In a post yesterday, I reported that Heartland Forestland Fund would donate 2,661 acres to the state under a plan to modify a conservation-easement agreement in order to allow hunting camps to remain on timberlands in the northern Adirondacks. I now have a map of the lands in question, shown above.
Most of the land (2,146 acres) lies within the Adirondack Park and will be added to the Deer River Primitive Area, which is part of the Adirondack Forest Preserve. The remainder (515 acres) lies just north of the Park and includes three quarters of a mile of river corridor along the Deer. Since it is outside the Park, this parcel would become part of the Deer River State Forest.

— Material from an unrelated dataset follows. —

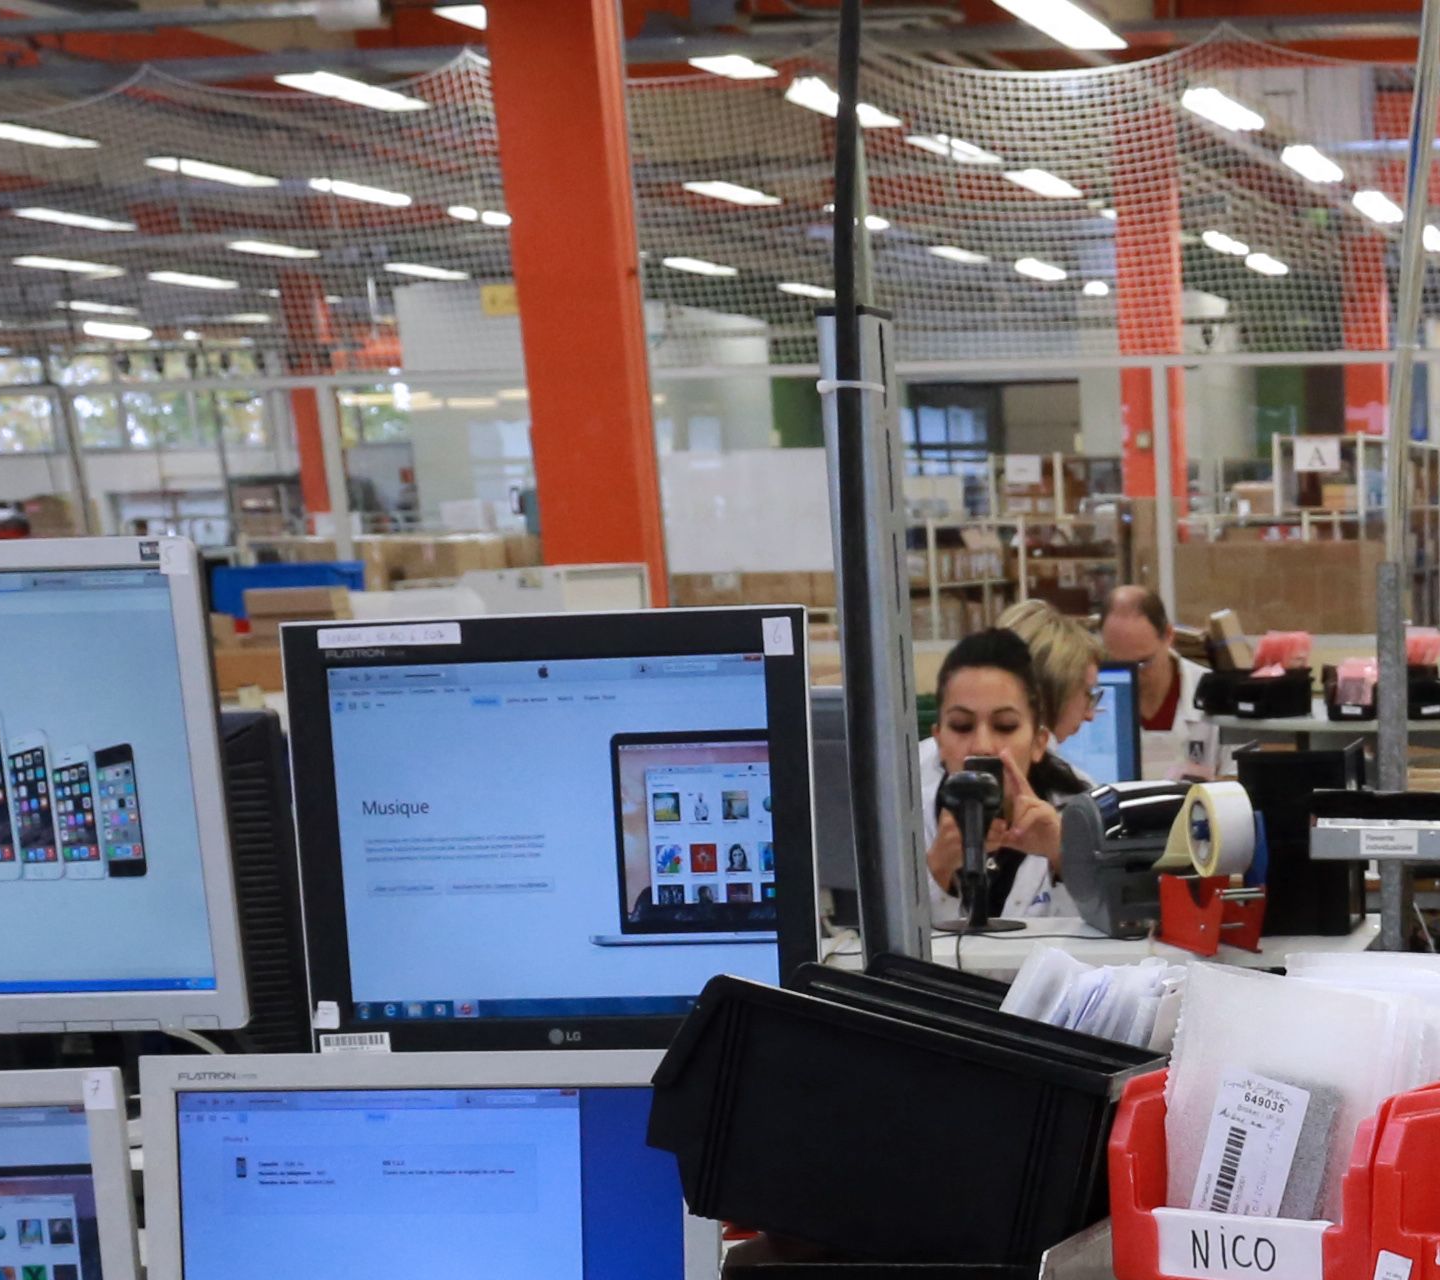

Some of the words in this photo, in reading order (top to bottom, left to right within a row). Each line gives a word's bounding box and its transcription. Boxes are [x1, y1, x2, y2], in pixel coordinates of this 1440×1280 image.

The state Department of Environmental Conservation says both parcels contain ecologically valuable wetlands. The larger parcel also contains frontage on Cole Hill Road, which can be used for access.

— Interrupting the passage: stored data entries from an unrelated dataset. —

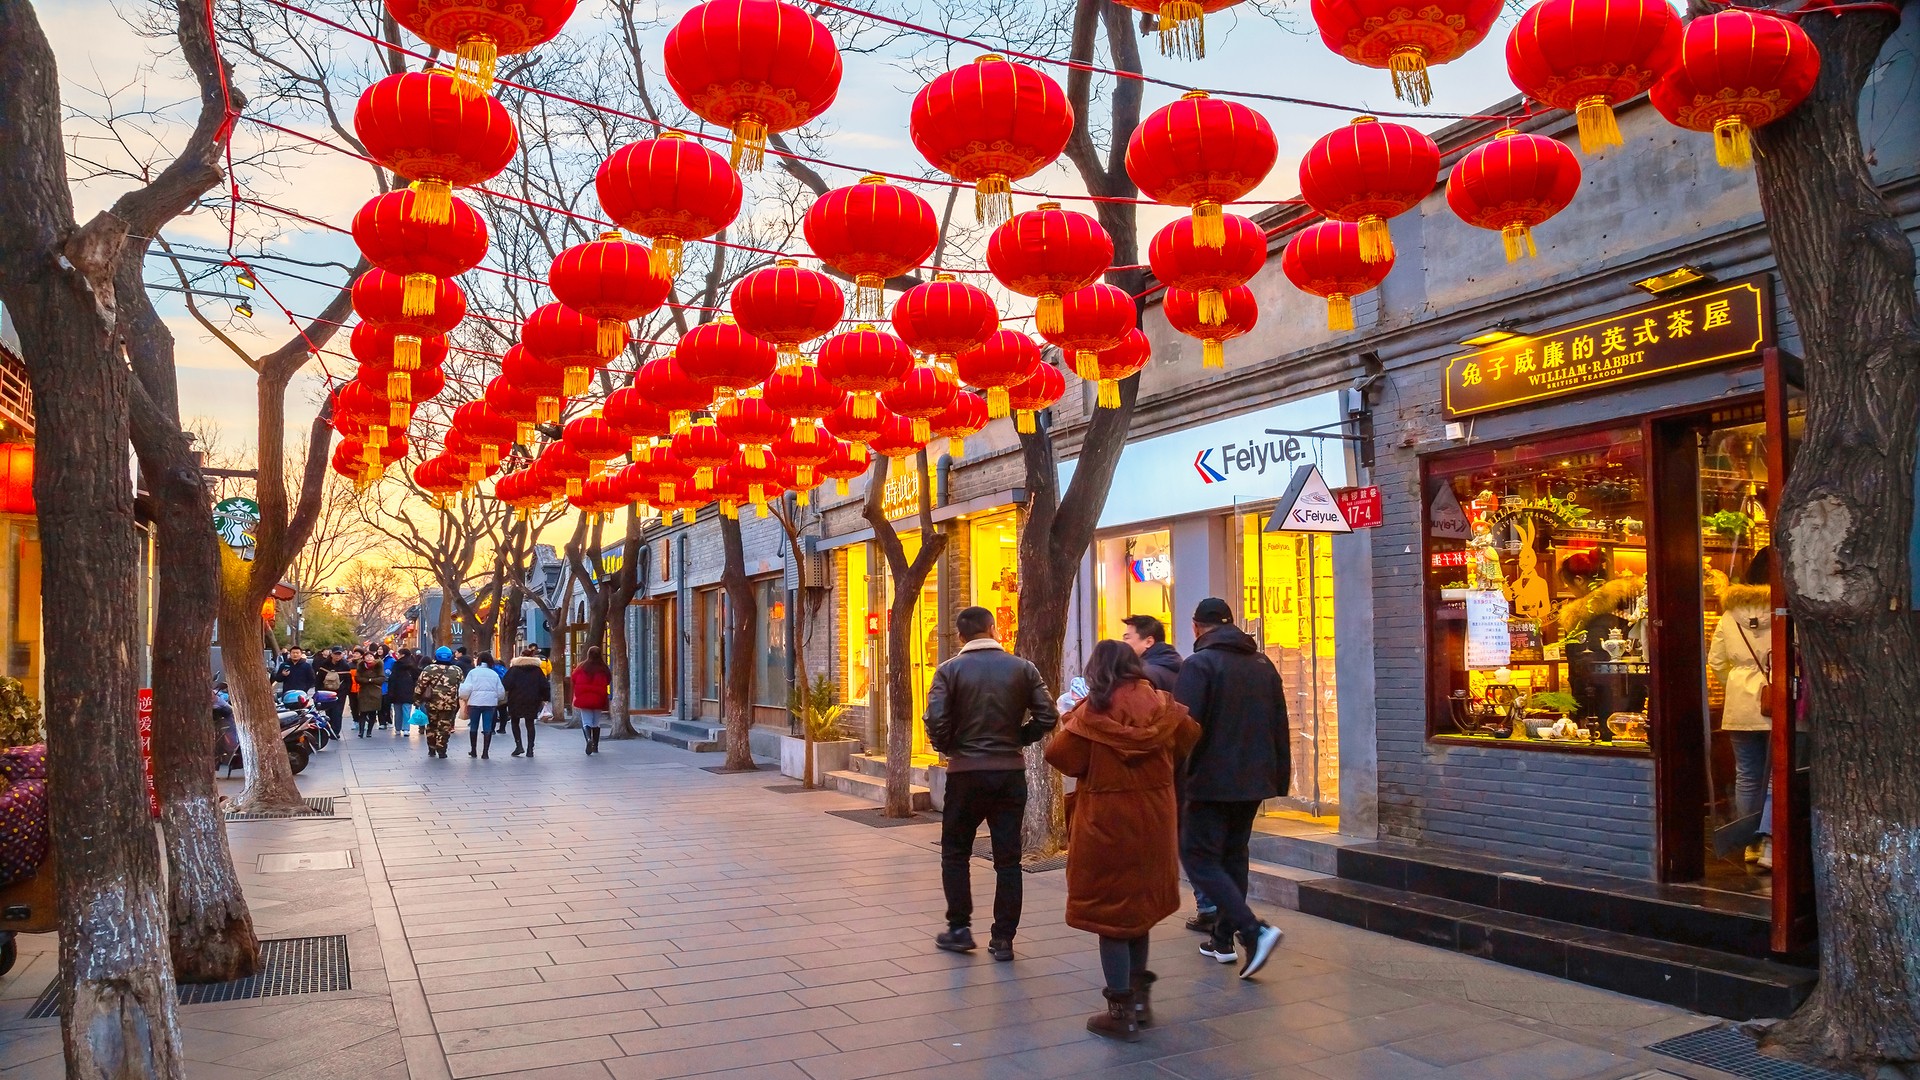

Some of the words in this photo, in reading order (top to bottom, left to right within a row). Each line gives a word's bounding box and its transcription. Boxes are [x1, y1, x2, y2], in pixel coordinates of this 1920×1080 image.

[1461, 299, 1732, 388] 兔子威廉的英式茶屋
[1547, 377, 1579, 390] BRITISH
[1582, 367, 1624, 383] TEAROOM
[1222, 435, 1306, 476] Feiyue.
[1305, 509, 1339, 524] Feiyue.
[1347, 505, 1372, 525] 17-4

Most of the Deer River inside the Park and beyond is canoeable. In Adirondack Canoe Waters: North Flow, Paul Jamieson writes that the biggest attraction for the cruising canoeist is an eight-mile level known as Deer River Meadows, which overlaps the Blue Line. The 515-acre parcel contains part of this stretch.
In an earlier post, I wrote about canoeing the Deer River Flow. A longer story on this trip will appear in a future issue of the Adirondack Explorer. I’m looking forward to paddling the river proper next year.